(Materials provided)
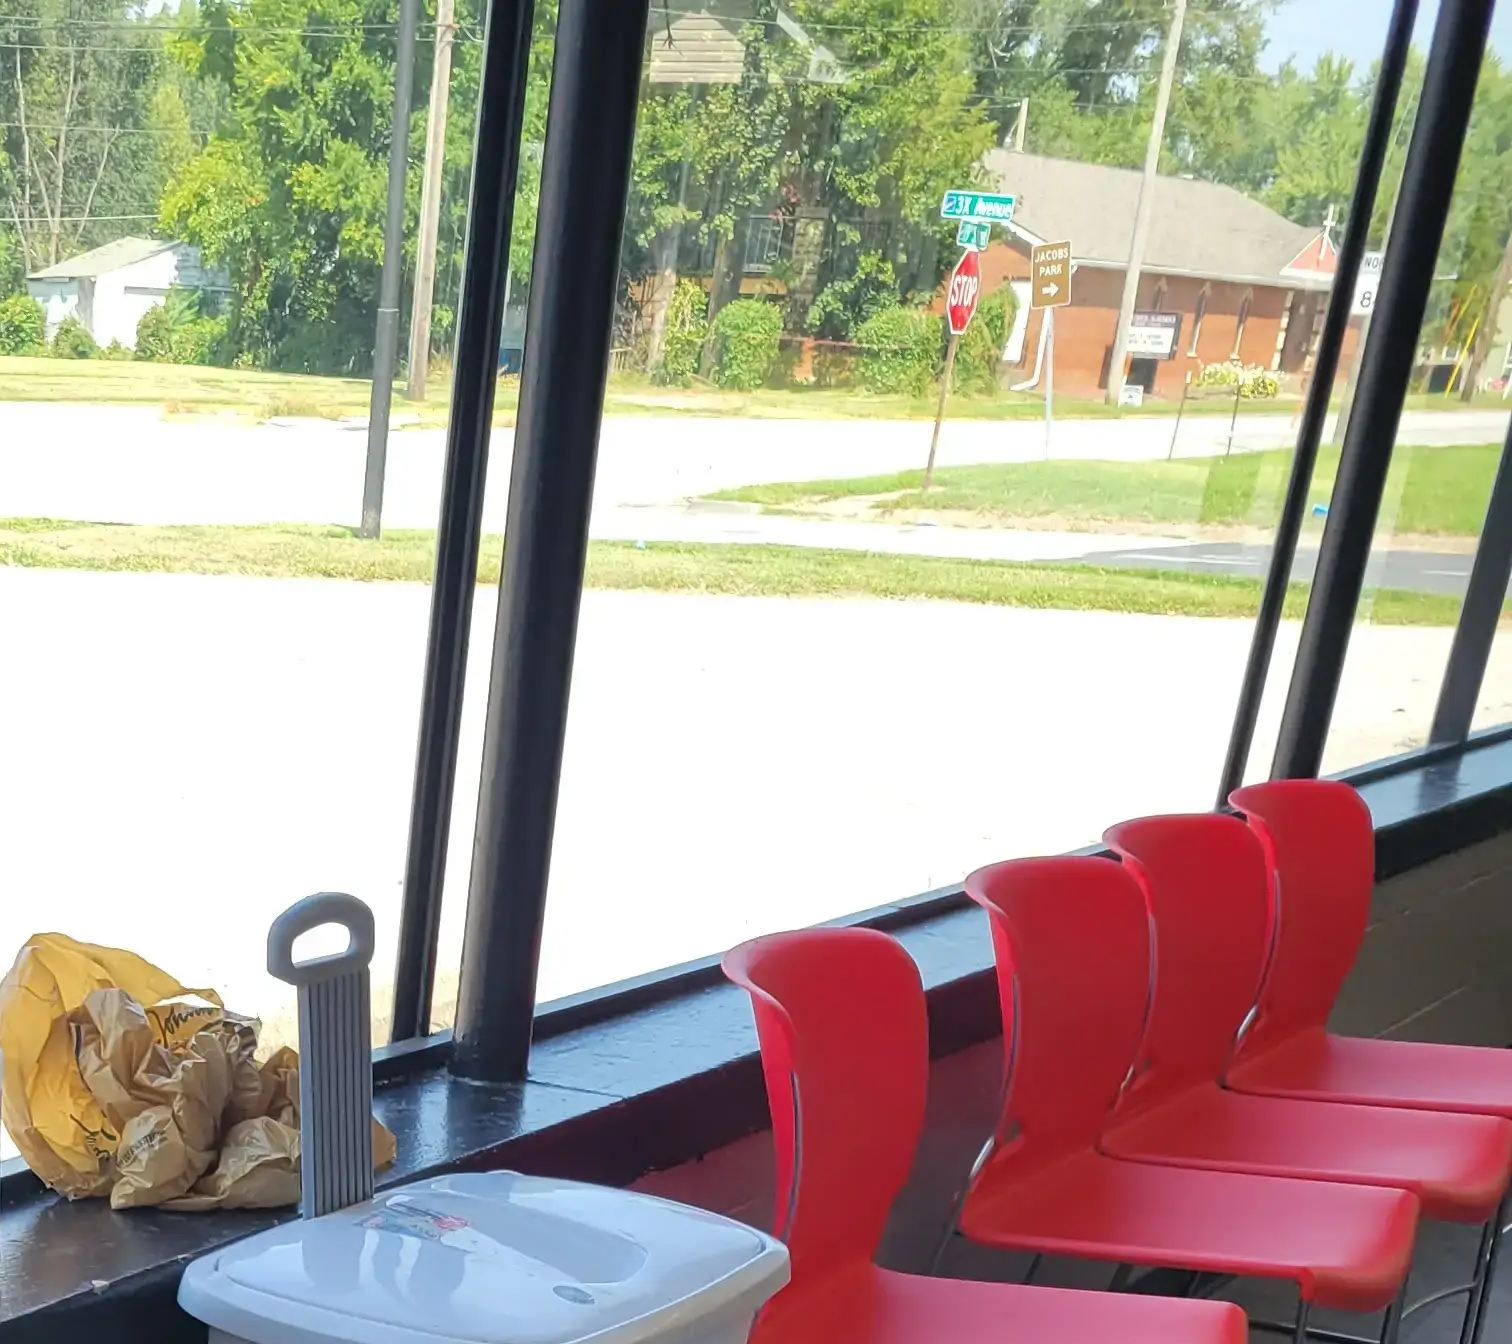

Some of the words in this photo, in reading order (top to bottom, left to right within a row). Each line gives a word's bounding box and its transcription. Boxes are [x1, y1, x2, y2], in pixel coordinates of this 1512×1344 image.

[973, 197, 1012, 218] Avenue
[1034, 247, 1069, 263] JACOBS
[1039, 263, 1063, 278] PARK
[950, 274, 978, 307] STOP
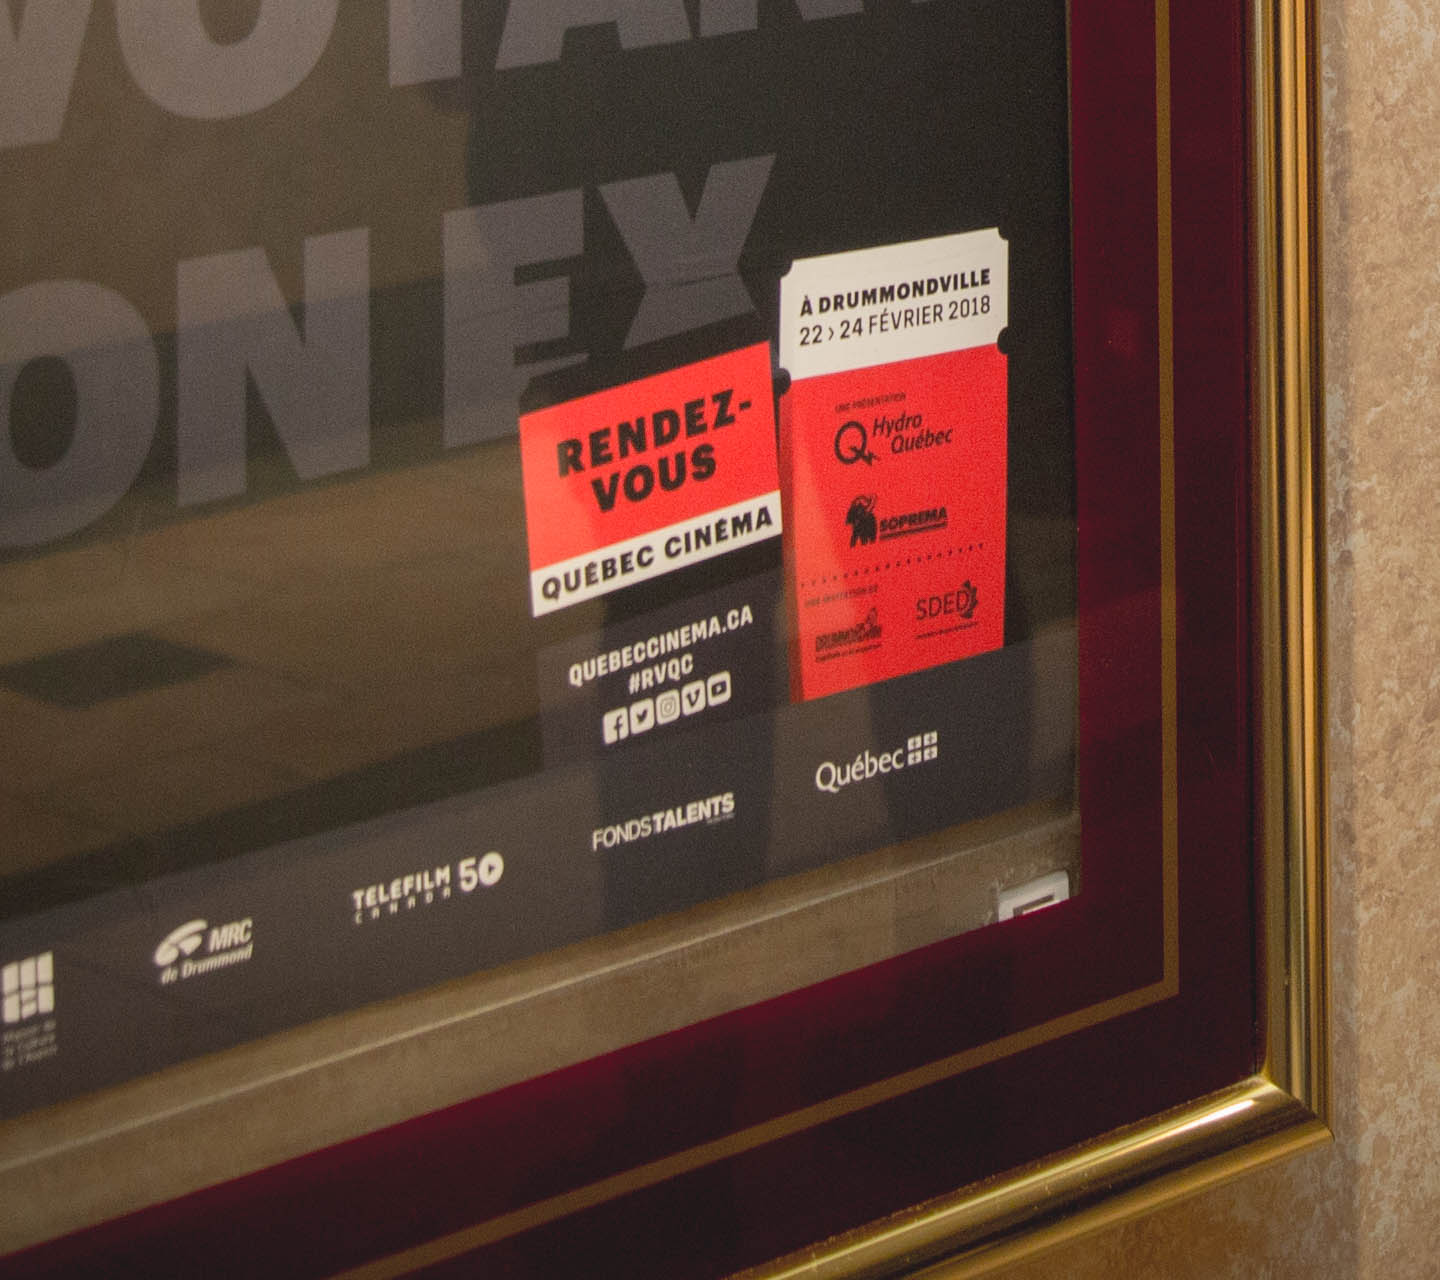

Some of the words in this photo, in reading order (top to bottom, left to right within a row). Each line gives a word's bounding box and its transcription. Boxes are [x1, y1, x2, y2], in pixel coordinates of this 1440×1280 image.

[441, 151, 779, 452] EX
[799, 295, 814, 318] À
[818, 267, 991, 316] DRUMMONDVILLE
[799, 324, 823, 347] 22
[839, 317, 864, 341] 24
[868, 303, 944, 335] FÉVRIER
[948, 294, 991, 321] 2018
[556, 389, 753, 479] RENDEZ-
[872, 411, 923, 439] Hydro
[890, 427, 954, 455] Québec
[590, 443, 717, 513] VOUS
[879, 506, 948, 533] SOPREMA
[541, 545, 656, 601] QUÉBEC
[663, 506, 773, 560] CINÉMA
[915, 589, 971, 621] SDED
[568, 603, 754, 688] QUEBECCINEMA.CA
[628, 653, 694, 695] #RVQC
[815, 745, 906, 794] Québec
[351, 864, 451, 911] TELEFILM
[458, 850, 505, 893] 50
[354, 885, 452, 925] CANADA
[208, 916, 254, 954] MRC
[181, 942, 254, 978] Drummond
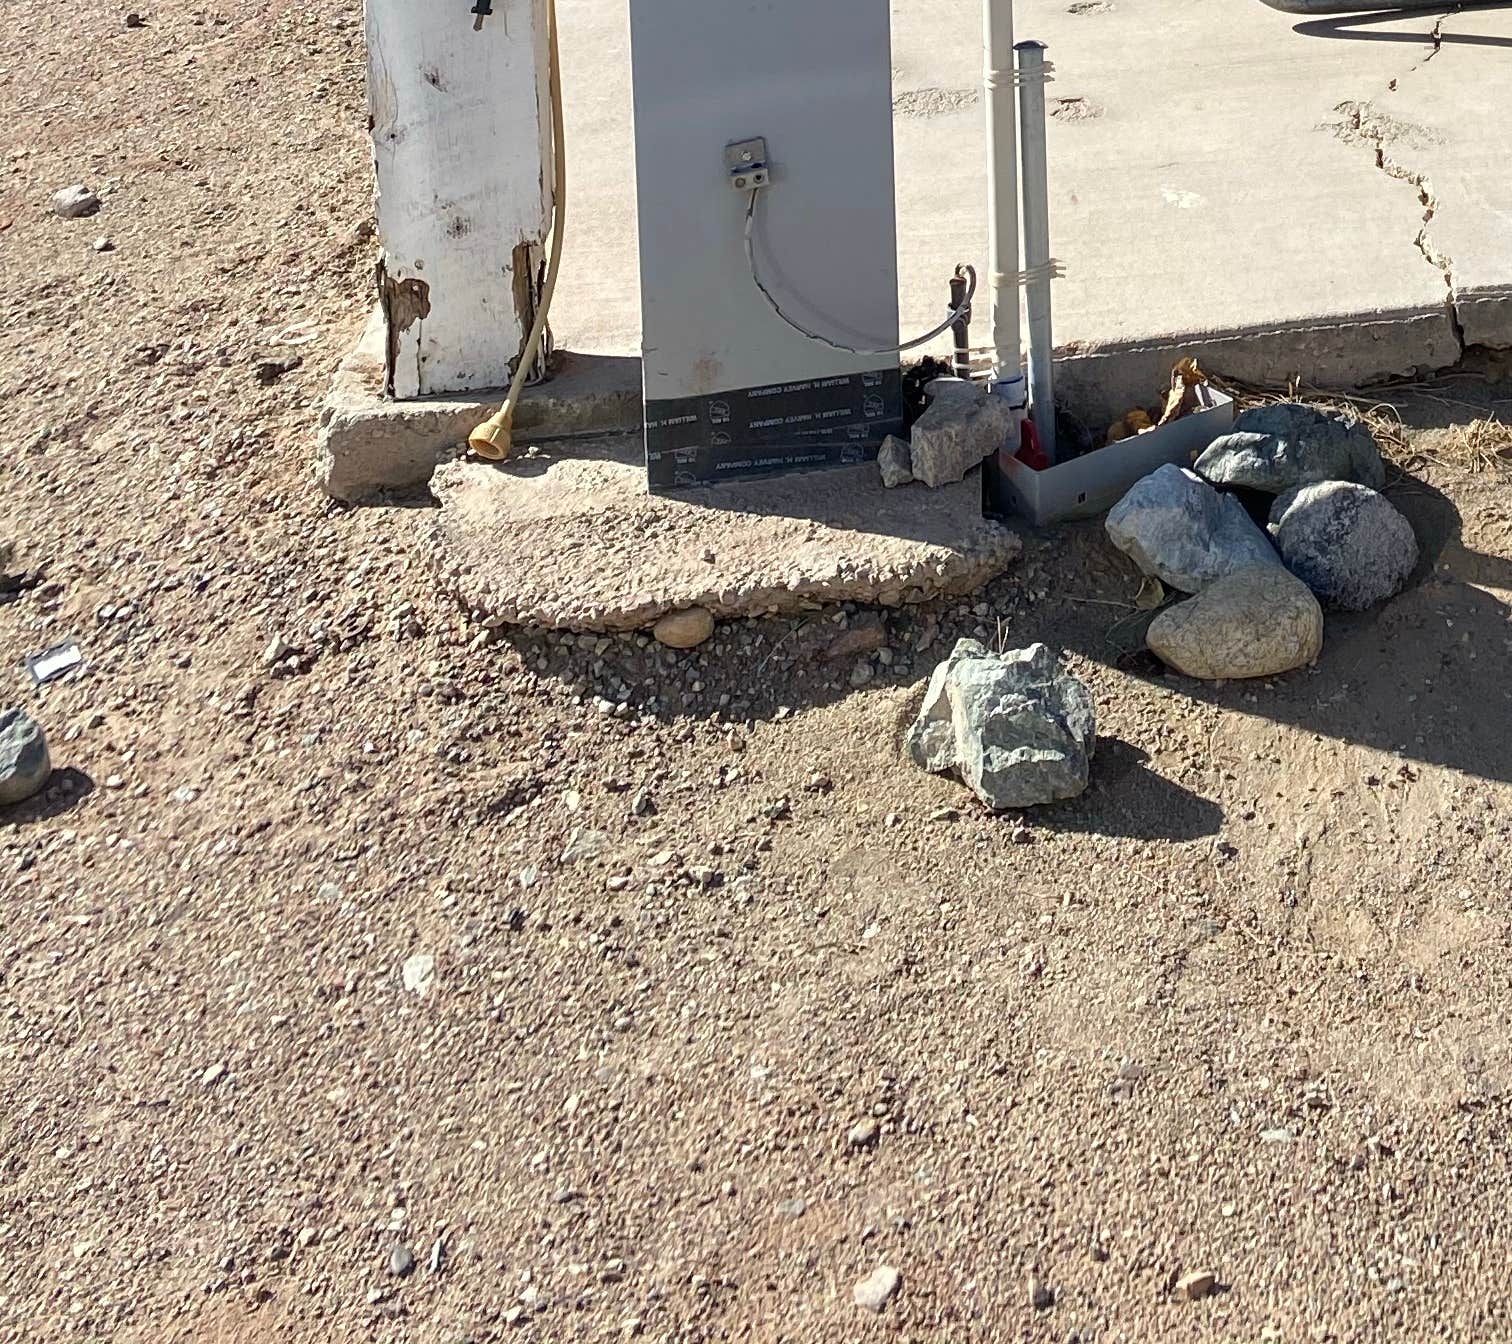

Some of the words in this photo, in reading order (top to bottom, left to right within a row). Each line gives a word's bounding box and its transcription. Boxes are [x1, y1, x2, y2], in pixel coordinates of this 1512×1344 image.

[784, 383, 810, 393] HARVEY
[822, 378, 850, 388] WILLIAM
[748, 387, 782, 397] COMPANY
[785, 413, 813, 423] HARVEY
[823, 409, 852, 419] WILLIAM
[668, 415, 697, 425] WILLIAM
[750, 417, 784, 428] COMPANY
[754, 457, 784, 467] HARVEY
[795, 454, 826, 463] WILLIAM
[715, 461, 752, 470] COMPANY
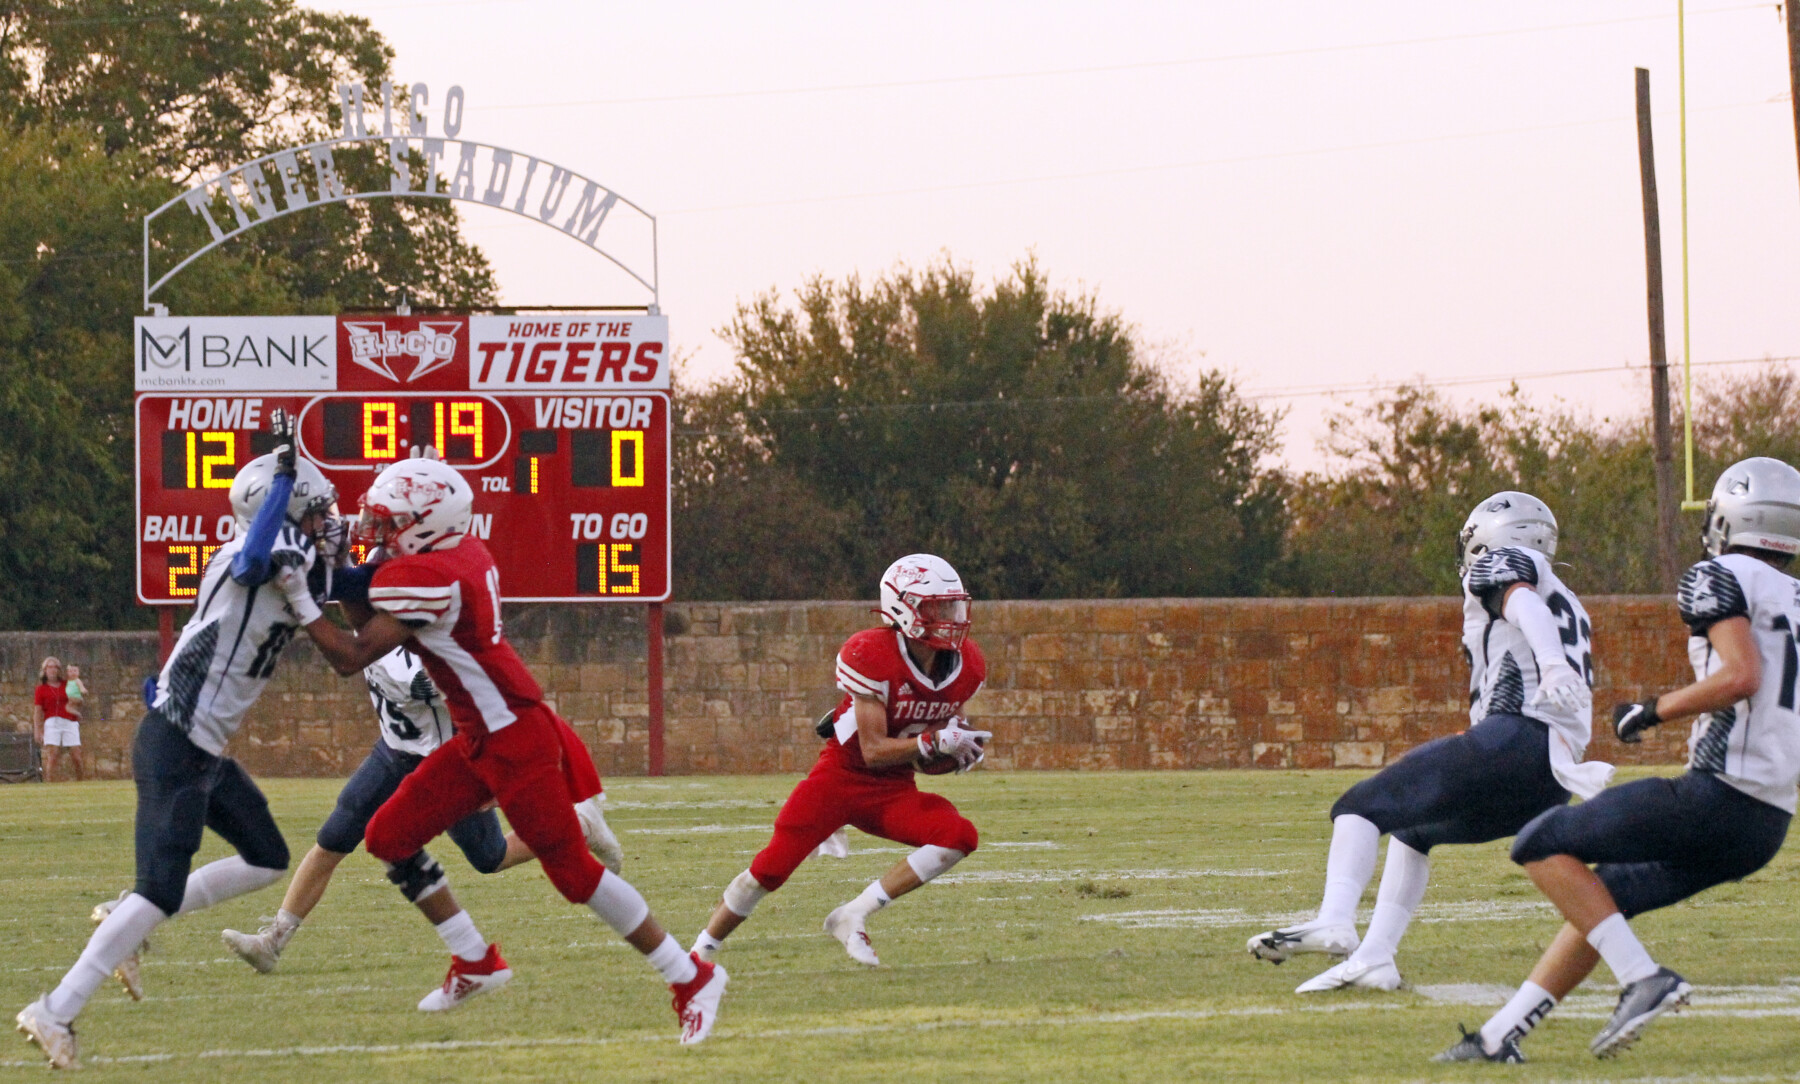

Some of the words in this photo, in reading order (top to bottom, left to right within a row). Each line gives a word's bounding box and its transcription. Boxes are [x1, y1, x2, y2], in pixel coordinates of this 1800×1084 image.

(Task objective) Print the listing verbatim, images excluded.

(Completed task)
Some of the words in this photo, in reading order (top to bottom, left to right within a row). Each line gives a word's bounding box and its transcription. Boxes are [x1, y1, x2, y2], in pixel coordinates of this 1512×1344 image.

[973, 197, 1012, 218] Avenue
[1034, 247, 1069, 263] JACOBS
[1039, 263, 1063, 278] PARK
[950, 274, 978, 307] STOP

Some of the words in this photo, in reading order (top to bottom, left to right within a row). Each line gives a word's bounding box and its transcription. Boxes are [x1, y1, x2, y2], in pixel coordinates of this 1440×1280 image.

[441, 151, 779, 452] EX
[799, 295, 814, 318] À
[818, 267, 991, 316] DRUMMONDVILLE
[799, 324, 823, 347] 22
[839, 317, 864, 341] 24
[868, 303, 944, 335] FÉVRIER
[948, 294, 991, 321] 2018
[556, 389, 753, 479] RENDEZ-
[872, 411, 923, 439] Hydro
[890, 427, 954, 455] Québec
[590, 443, 717, 513] VOUS
[879, 506, 948, 533] SOPREMA
[541, 545, 656, 601] QUÉBEC
[663, 506, 773, 560] CINÉMA
[915, 589, 971, 621] SDED
[568, 603, 754, 688] QUEBECCINEMA.CA
[628, 653, 694, 695] #RVQC
[815, 745, 906, 794] Québec
[351, 864, 451, 911] TELEFILM
[458, 850, 505, 893] 50
[354, 885, 452, 925] CANADA
[208, 916, 254, 954] MRC
[181, 942, 254, 978] Drummond

Some of the words in this photo, in reading order (top to bottom, left to right within a row). Each line gives a word's bounding box and its transcription. Boxes are [x1, y1, x2, y2], in pixel coordinates of this 1512×1344 image.

[784, 383, 810, 393] HARVEY
[822, 378, 850, 388] WILLIAM
[748, 387, 782, 397] COMPANY
[785, 413, 813, 423] HARVEY
[823, 409, 852, 419] WILLIAM
[668, 415, 697, 425] WILLIAM
[750, 417, 784, 428] COMPANY
[754, 457, 784, 467] HARVEY
[795, 454, 826, 463] WILLIAM
[715, 461, 752, 470] COMPANY

Some of the words in this photo, in reading order (top to bottom, left to right within a row). Each line gives a word's bounding box and its transcription. Boxes are [x1, y1, x2, y2], in pixel coordinates of this 1800×1084 image.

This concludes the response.